There were a ton of ongoing personnel commitments that the military had coming into the G. W. Bush era and that continue still (Haiti, Kosovo, Saudi Arabia, Turkey, etc.). No value judgement implied on those missions just that in fairness they did exist and draw from available forces prior to Afghanistan and Iraq.
That's true, but the point I was making is that we went into Iraq on the assumption that we could handle that invasion plus our other commitments and still have the flexibility and strength to deal with other contingencies as they arose. Surely it was never suggested by the Bush Administration prior to the invasion that once we were in we'd be severely limiting our capabilities on a long-term basis.
As it happens, I do agree with you and Laurence that other countries can and will take the lead militarily in the Sudan (if military intervention is needed), and that this is the right thing for them to do. But again, it won't be because it makes more sense for them to do so, or because they have a greater stake in the region than we do, or because of a preexisting diplomatic arrangement, but because there's no other choice. It's because the President, knowing that we have many global military commitments and knowing that an urgent need for readiness if not deployment can occur at any time, chose to tie up essentially all of our existing resources in Iraq. Which is something we were told wouldn't happen, of course, but that's another story.
Thanks for the interesting stuff about how the UN Peace Corps worked, btw. I didn't know any of that.
So why was the humanitarian problem of the brown skins in Iraq less important than the humanitarian problem of the darker skins in Sudan?
Of course we have limited resources. That's human nature and scarcity. You're familiar with?
If you're going to start playing Save The World progressive, then at least give the President proper credit for ridding the world of two brutally repressive regimes. That's more than most two-termers accomplish on the humanitarian front, and ought to be something so-called progressives can celebrate even if they hate the man who did it.
Gosh, Kevin, maybe the fact that the invasion of Iraq wasn't sold as a humanitarian mission but as a we-must-prevent-Saddam-from-nuking-our-asses one has something to do with it. How much support would there have been for unilaterally sending in 130,000 troops for some indefinite length of time for strictly humanitarian purposes?

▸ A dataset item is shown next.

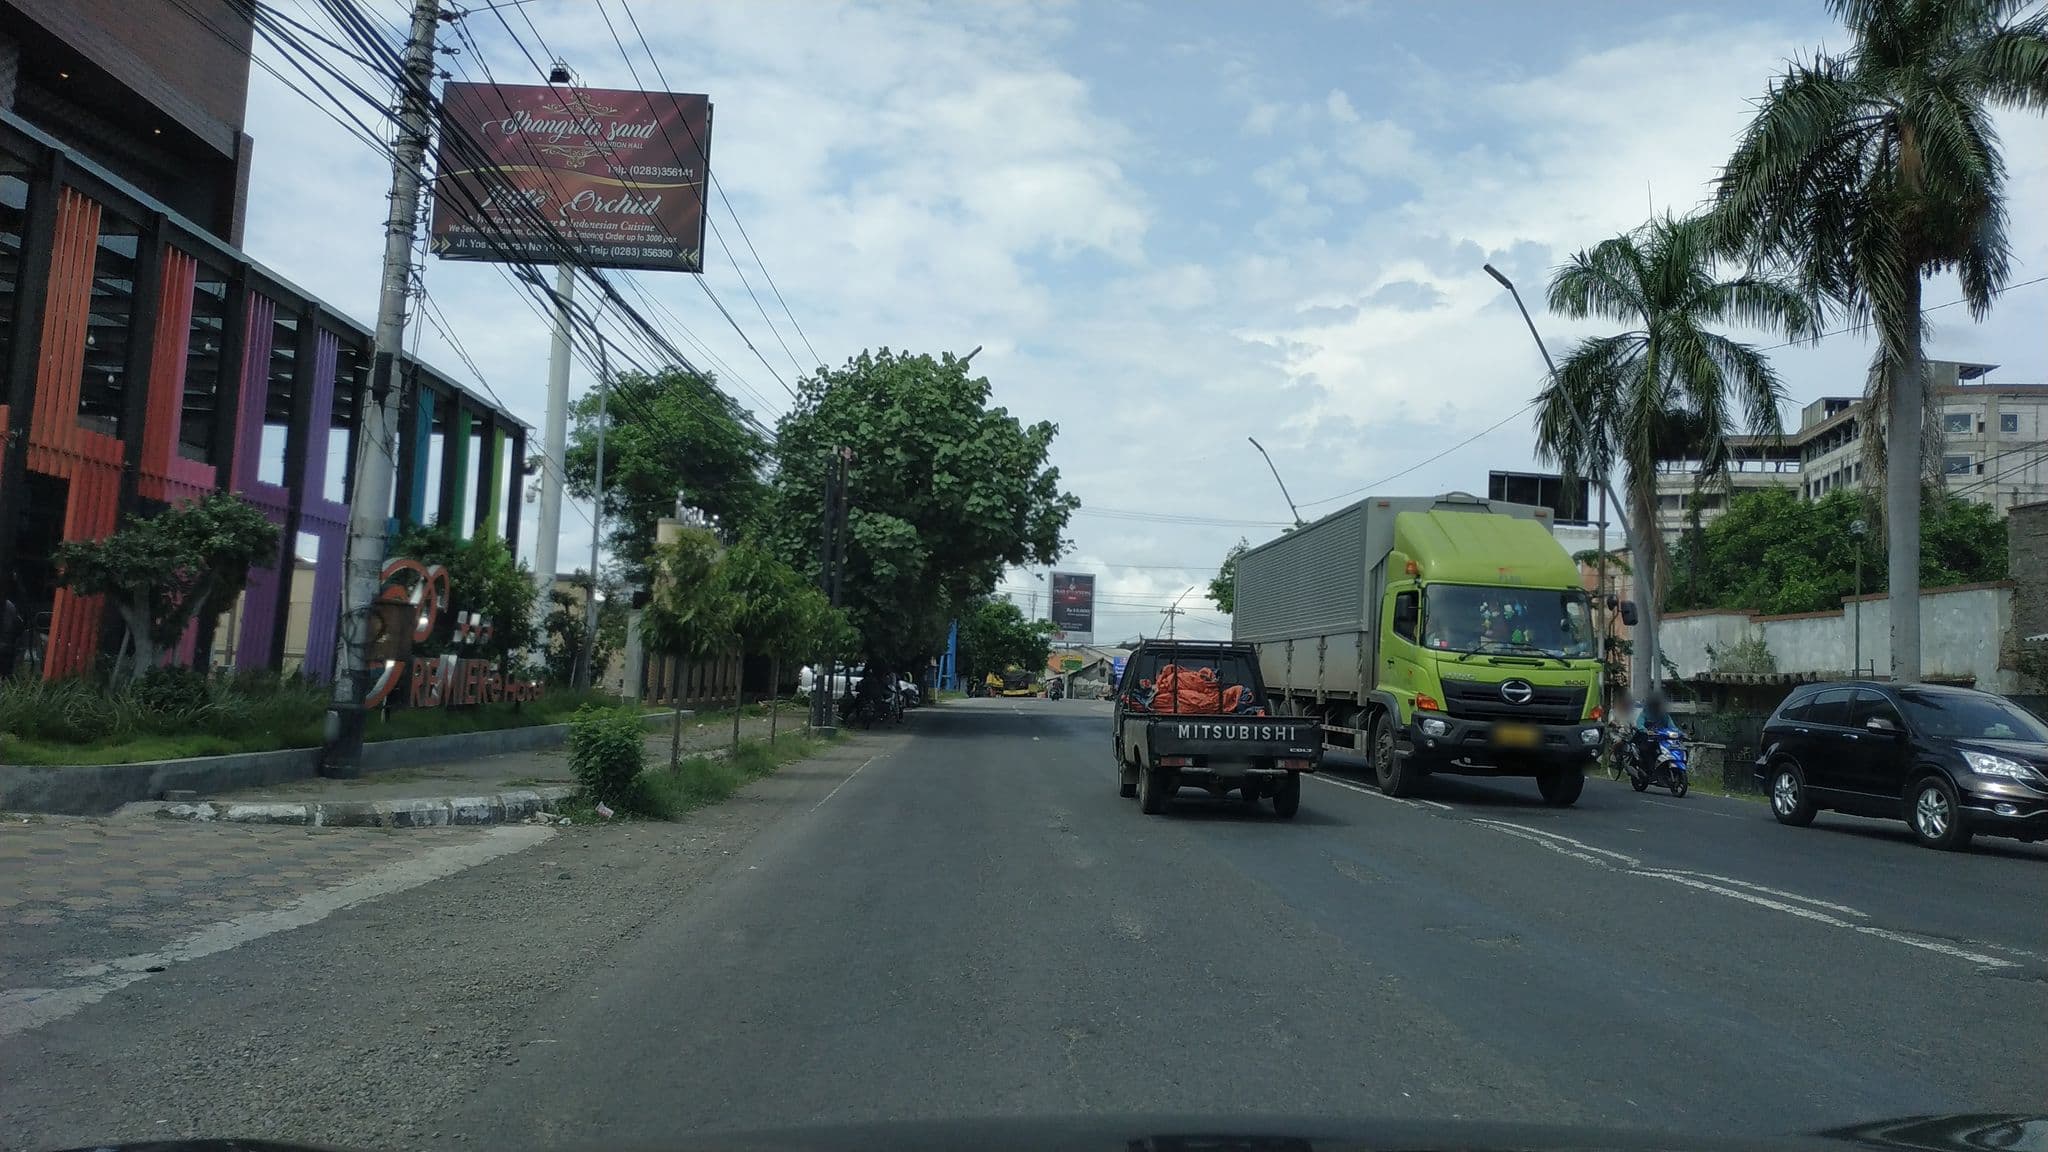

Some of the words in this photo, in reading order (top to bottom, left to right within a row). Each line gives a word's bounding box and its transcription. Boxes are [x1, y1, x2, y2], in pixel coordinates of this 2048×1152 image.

I don't recall George and Dick breaking Sudan, so "You broke it, you bought it" does not apply to Sudan. If anything, "You broke it, you bought it" applies to every Arab League country and the "Human Rights" lapdog-watchdog at the UN when it comes to Sudan for the "Arabs versus Darkies" slaughter.
As for the so-called 101st crap you're pedding, enough medical issues not to have been able to serve. And I do believe my medical history is a private matter, or do you not believe in that privacy thing when it comes to smearing patriots of a different color?